Monday, August 29, 2011

New sport gets off on the right foot

Pogs. Cabbage Patch Kids. Troll Dolls. Furbies. Auto-erotic asphyxiation. Tickle Me Elmo. Auto-erotic asphyxiation of Cabbage Patch Kids. Silly Bandz.

All of these trends have swept the nation and with good cause—they exist. With that knowledge, I'm quite a bit excited can tell you about some great news afoot. I can reveal to you the latest and greatest trend that every schoolyard child will be playing this fall, Boomerfoot.

Anyone who hasn't heard of this game obviously wasn't isn't the biggest sports enthusiast. Basically the game is played like any boomerang-based game, but instead of using a boomerang, the players use a foot, generally their own left foot. It helps that when squinted at correctly, a foot vaguely resembles a boomerang.
One of the early great of Boomerfoot tradition. He hit
seven people with the foot before gangrene did him in.

For example, wallaby hunts are pretty boring, because boomerangs are boring, but swap out that 'rang for a 'foot, and you've got yourself a sport. I don't even need to get into the transformative effect this sport has on rupee collection.

For those sitting there saying “Sooooo, you're expecting schoolyard children to cut off their right foot and use it as a boomerang in some weird take off of Ultimate Frisbee,” I want to reassure you, this is NOT my intention. These kids must cut off their left foot, the air foils inherent to the southpaw side give it much better returnability. But yes, that is the general idea of what I want them to do.

Boomerfooting got its start during the Great Depression, and only now will it do like its namesake and return to popularity. Sure, many of the original players died of sepsis, but with modern medical technology, that should no longer present any problems.

How exactly is this game played? The answer to that is simple, the hell if I know. With all these trend things, nobody knew what to do with them, they just knew Johnny Trendfollower had them and therefore they needed it for themselves. I used to babysit for a kid who had well over 100 Beanie Babies. As he pulled each individual one out of the duffel bag where he kept them, I asked what purpose they served.

“They fit in the bag,” was his only response.

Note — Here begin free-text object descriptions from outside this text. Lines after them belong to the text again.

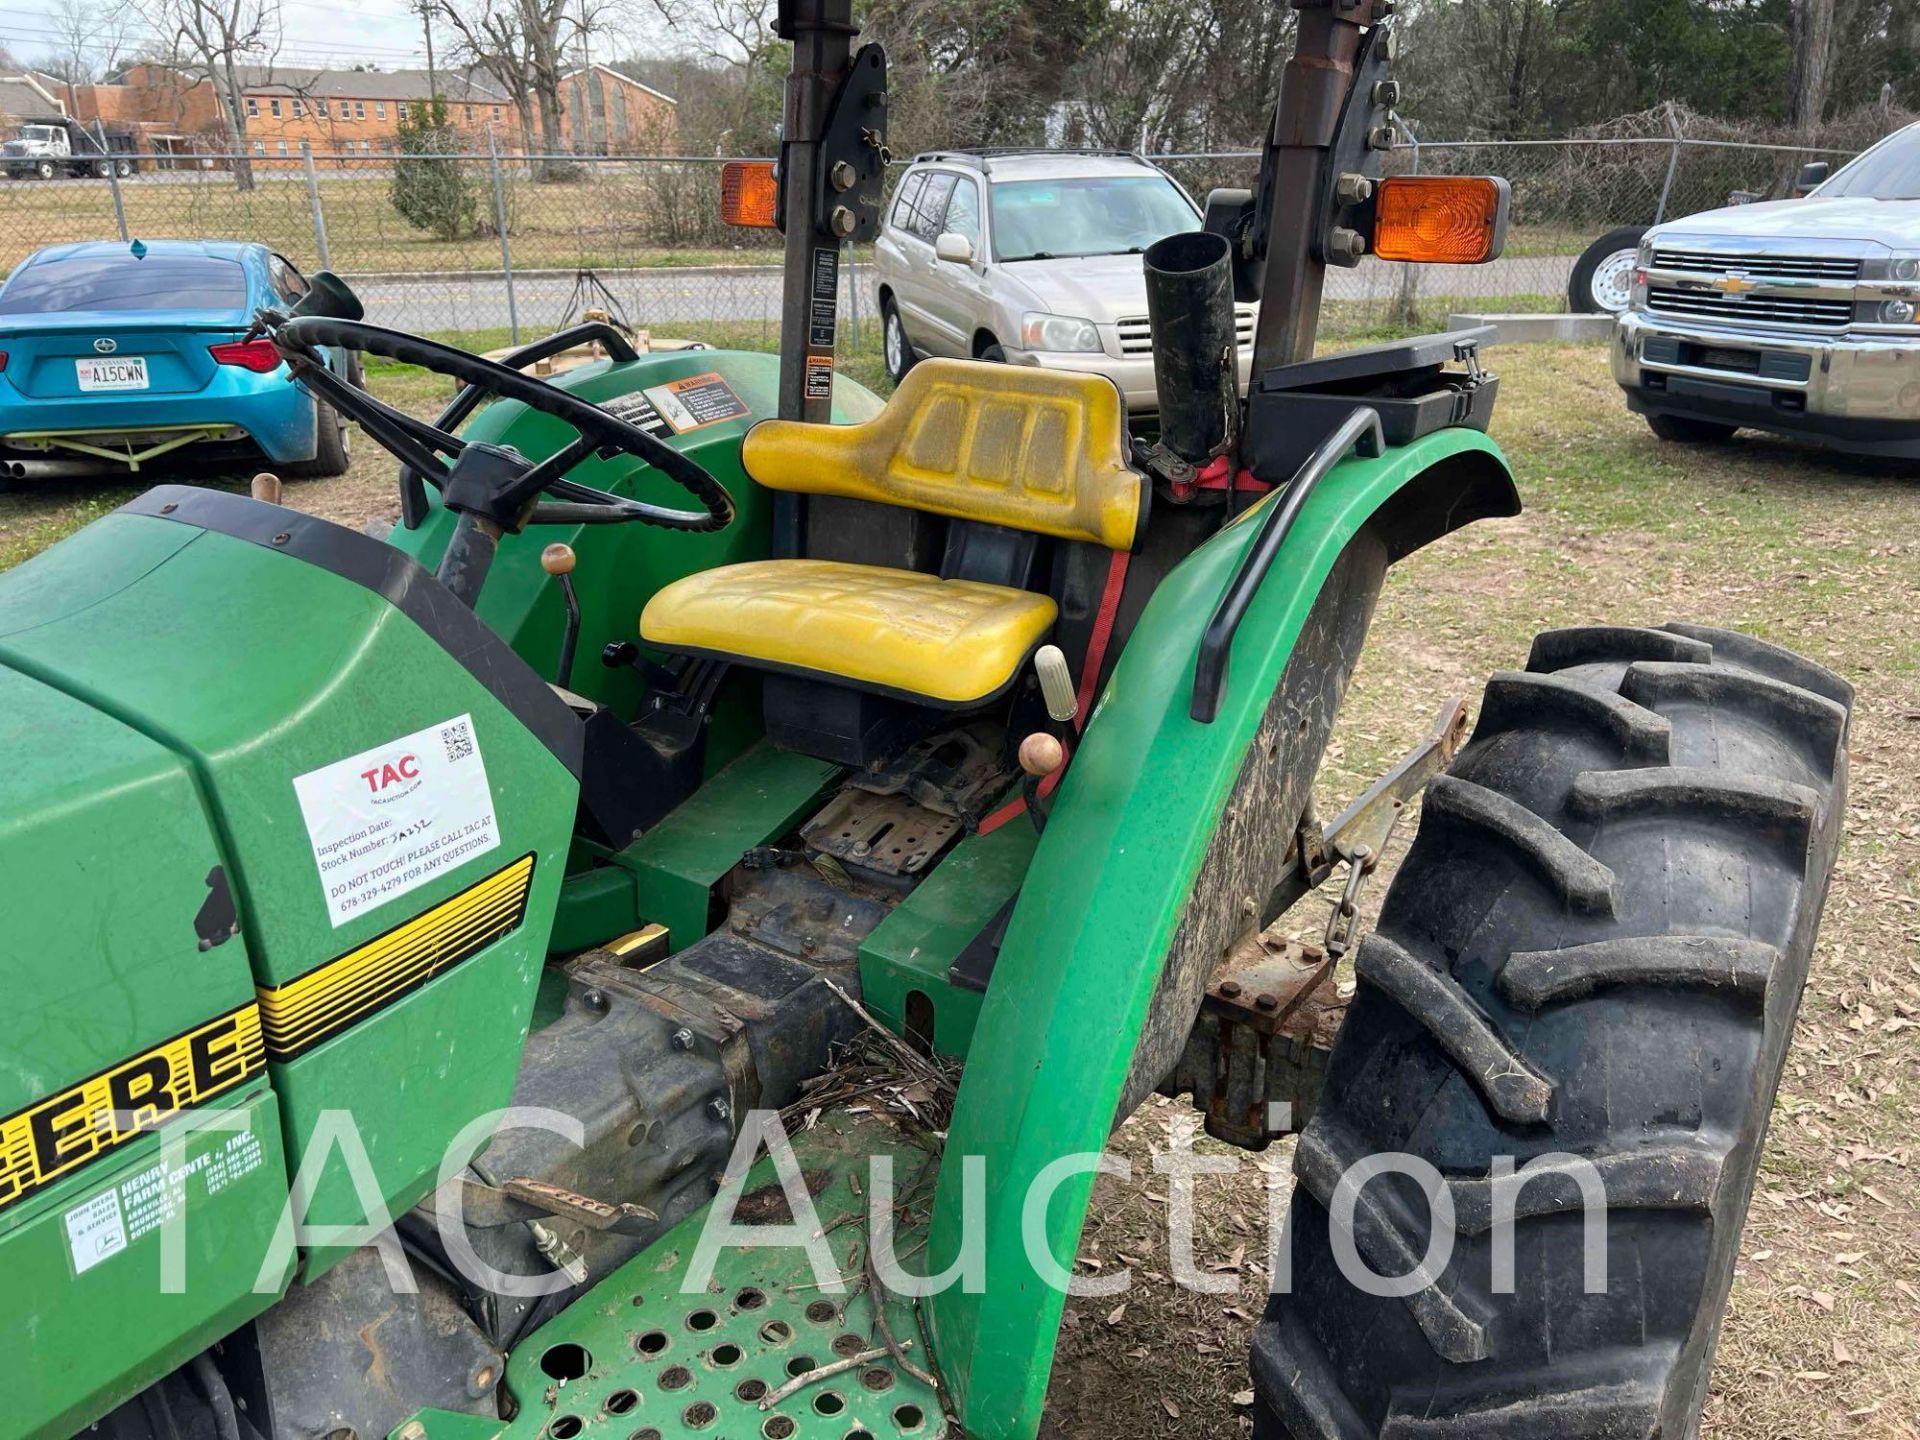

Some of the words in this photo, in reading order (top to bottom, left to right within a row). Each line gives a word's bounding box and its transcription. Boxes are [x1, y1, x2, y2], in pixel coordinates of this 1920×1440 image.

[93, 366, 144, 383] A15CWN
[360, 755, 419, 792] TAC
[317, 830, 367, 856] Inspection
[368, 819, 392, 834] Date:
[320, 854, 347, 871] Stock
[348, 837, 389, 859] Number:
[331, 883, 346, 898] DO
[348, 873, 368, 890] NOT
[369, 855, 405, 879] TOUCH!
[407, 839, 440, 862] PLEASE
[441, 829, 463, 845] CALL
[463, 820, 480, 834] TAC
[481, 815, 490, 827] AT
[340, 876, 401, 911] 678-329-4279
[402, 866, 421, 882] FOR
[423, 856, 440, 872] ANY
[442, 833, 490, 862] QUESTIONS.
[0, 1017, 246, 1202] ERE
[121, 1160, 170, 1196] HENRY
[122, 1176, 166, 1210] FARM
[226, 1129, 254, 1152] INC.

So to fit my feet in a bag (metaphorically), all I need to do is show the children how funny it is to hit a classmate/relative/interdimensional space leprechaun with a foot. I'll highlight the bonus point garnered when said foot has a pus-filled in-grown toenail.

Like its namesake, Boomerfooting is making a glorious return after nearly dying off in the Great Depression. Some might claim most of the participants back then died of sepsis.

The big question with this game is how do we monetize it? It's well known that Silly Bandz snap on a daily basis and Pogs always get stolen out of my fourth grade classroom by Randy. And since Randy became a cocaine addict in his later years, lord knows he's never giving back these items, so kids must buy more! And more! And more!

Monetization can therefore come from the sales of accessories. Imagine a Boomerfoot branded hacksaw, or as I like to called it, a “footsaw.” And since it's highly unhygienic to share hacksaws (even worse than insulin needles) I can sell one to every kid in America. Even better, the really stupid ones might buy two of them to cut off both feet! Sure, they'll be incapacitated for life, but I'll make an extra $19.99 plus applicable state tax.
We'll probably need a factory dedicated
solely to Buscemi-foot production.

Another reason these trends are so popular is because of all different depictions of pop culture on the items. From the Silly Band shaped like the titular character of “Human Centipede” to troll dolls with green hair, there's a fad for every taste out there. If kids are just cutting off their own feet, there's very little collectability in the endeavor. Don't worry, I have it all thought out—celebrity feet.

Getting hit in the head by a normal foot is annoying, but getting hit in the head by Steve Buscemi's foot would be a conversation piece. Suddenly I can claim the bump on my head isn't a birth defect, but it's where Mr. Pink stashed the diamonds or maybe it's where the talent he wastes appearing in Adam Sandler films hides.

With that said, I encourage everyone to suit up, chop off and have an amazing time playing the trend of tomorrow, boomerfoot.